Evolutionary Psychology in an Astrobiological Context

Recently I was reading about evolutionary biology and it struck me how it might be possible to place evolutionary psychology in an astrobiological context and thereby formulate a much more comprehensive conception of astrobiology that goes beyond biology narrowly conceived (as well as a much more comprehensive conception of evolutionary psychology). Evolutionary biology itself has gone beyond the strictly biological in the form of evolutionary psychology, which applies the theoretical framework of evolutionary biology to elucidate human nature, human behavior, and human thought. Evolutionary biology has also gone beyond the terrestrial in the form of astrobiology, which applies the theoretical framework of evolutionary biology to elucidate life on Earth in a cosmological context. To join together these extrapolations of biology in an even larger synthesis would provide a impressive point of view.

I cannot mention evolutionary psychology without pausing to acknowledge the controversy of this discipline, and evolutionary biology today has the (nearly) unique status of being disparaged by both the political left and the political right, but my readers will already have guessed where I am likely to stand on this controversy, especially if they have read my Against Natural History, Right and Left. That the tender sensibilities of the politically motivated are offended by the harsh insights of evolutionary psychology ought to be counted in its favor. Here I am reminded of something Foucault said:

“I think I have in fact been situated in most of the squares on the political checkerboard, one after another and sometimes simultaneously: as anarchist, leftist, ostentatious or disguised Marxist, nihilist, explicit or secret anti-Marxist, technocrat in the service of Gaullism, new liberal and so on. An American professor complained that a crypto-Marxist like me was invited in the USA, and I was denounced by the press in Eastern European countries for being an accomplice of the dissidents. None of these descriptions is important by itself; taken together, on the other hand, they mean something. And I must admit that I rather like what they mean.”

Foucault, Michel, “Polemics, Politics and Problematizations,” in Essential Works of Foucault, edited by Paul Rabinow, Vol. 1, “Ethics,” The New Press, 1998.

Being politically denounced in this way from all possible points of view is an admission that the existing framework of thought does not yet have a convenient pigeonhole in which a person or an idea can be placed and then forgotten.

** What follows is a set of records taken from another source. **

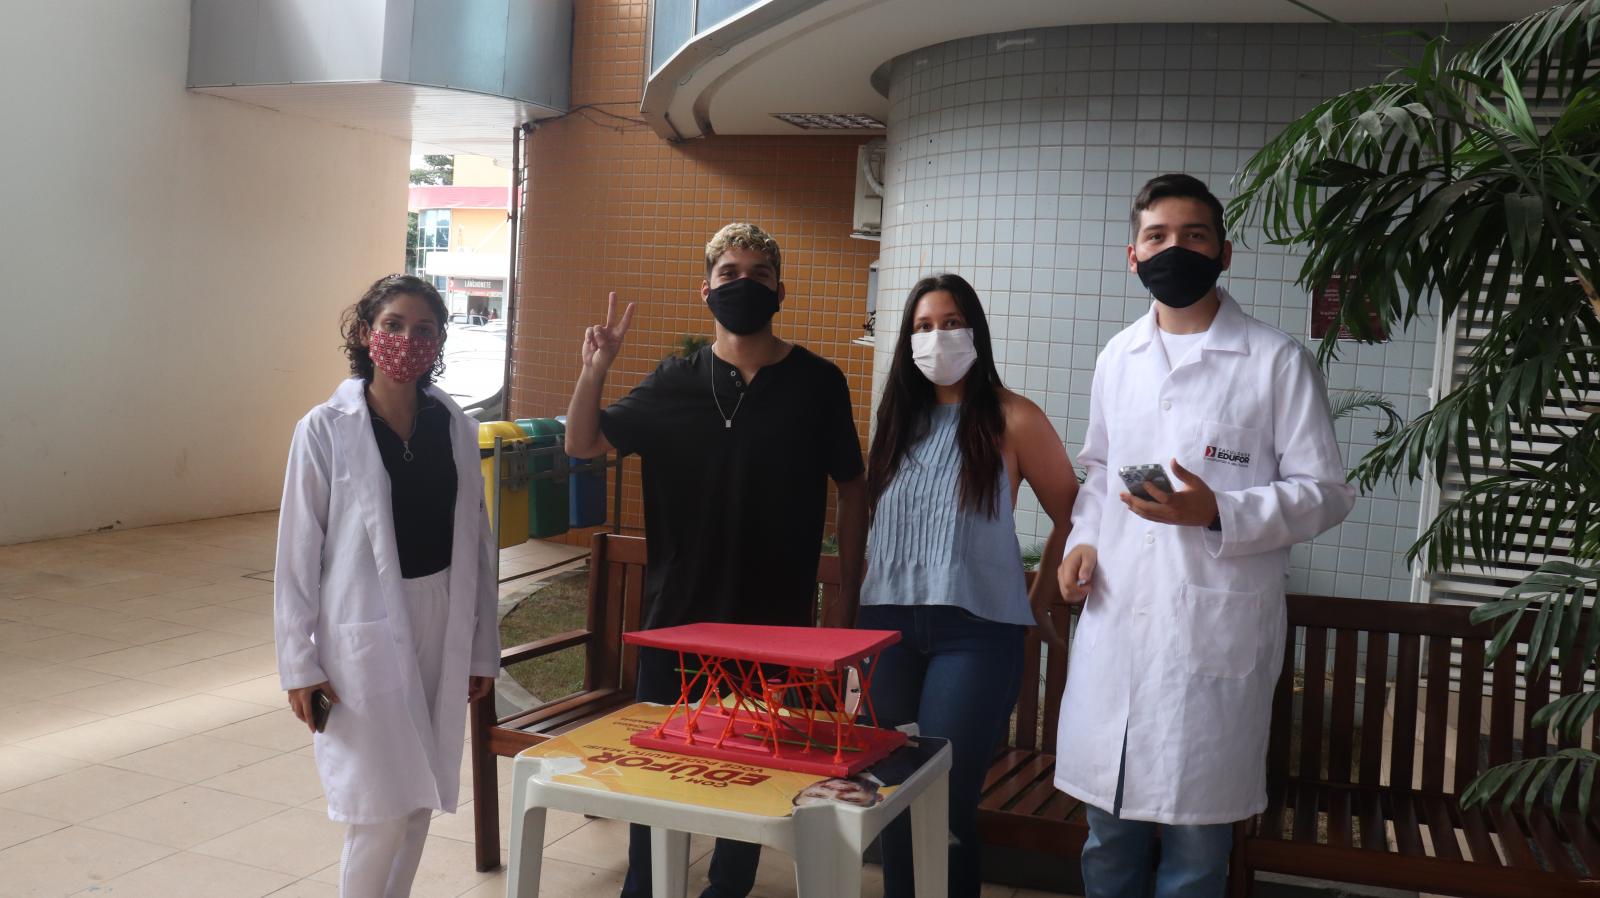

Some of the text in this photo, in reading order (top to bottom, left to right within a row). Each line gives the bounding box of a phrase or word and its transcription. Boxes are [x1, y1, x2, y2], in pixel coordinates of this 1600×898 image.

[1218, 452, 1250, 464] EDUFOR
[628, 750, 674, 760] MUITO
[676, 757, 718, 766] PODE
[587, 751, 772, 786] EDUFOR
[686, 778, 729, 788] COM

Evolutionary psychology in the context of astrobiology becomes something even more difficult to place than it is at present, although it seems to me like the logical extrapolation of astrobiology placing biology in a cosmological context. I’m not the only one who has been thinking in these terms. About the same time that I started thinking about evolutionary psychology and astrobiology together, I happened across the work of Pauli Laine, who characterizes himself as a cognitive astrobiologist. Laine spoke at the 2013 and 2014 100YSS conferences (I spoke at the 2011 and 2012 100YSS conferences, so we didn’t cross paths).

The psychology of an organism that attains to consciousness will be constrained by the evolutionary history of that organism long before it made the breakthrough the consciousness. (However, it does not follow that the conscious mind is wholly determined by biological processes; this is a distinct thesis and must be separately defended.) The biology of the organism and its species is, in turn, constrained by the biosphere in which that organism evolved. The biosphere is, in turn, constrained by the planet upon which the biosphere emerged; the parameters of the planet are constrained by the protoplanetary disk from which it and its star formed, this protoplanetary disk is in turn constrained by the galactic ecology of its local galaxy, and the galaxy is constrained by the parameters of the universe. We need not assert determinism at any level in this sequence (i.e., we need not assert that any one level of emergent complexity is wholly and exhaustively determined by the preceding level of emergent complexity) in order to acknowledge the role of an earlier state of the universe in constraining a later state of the universe.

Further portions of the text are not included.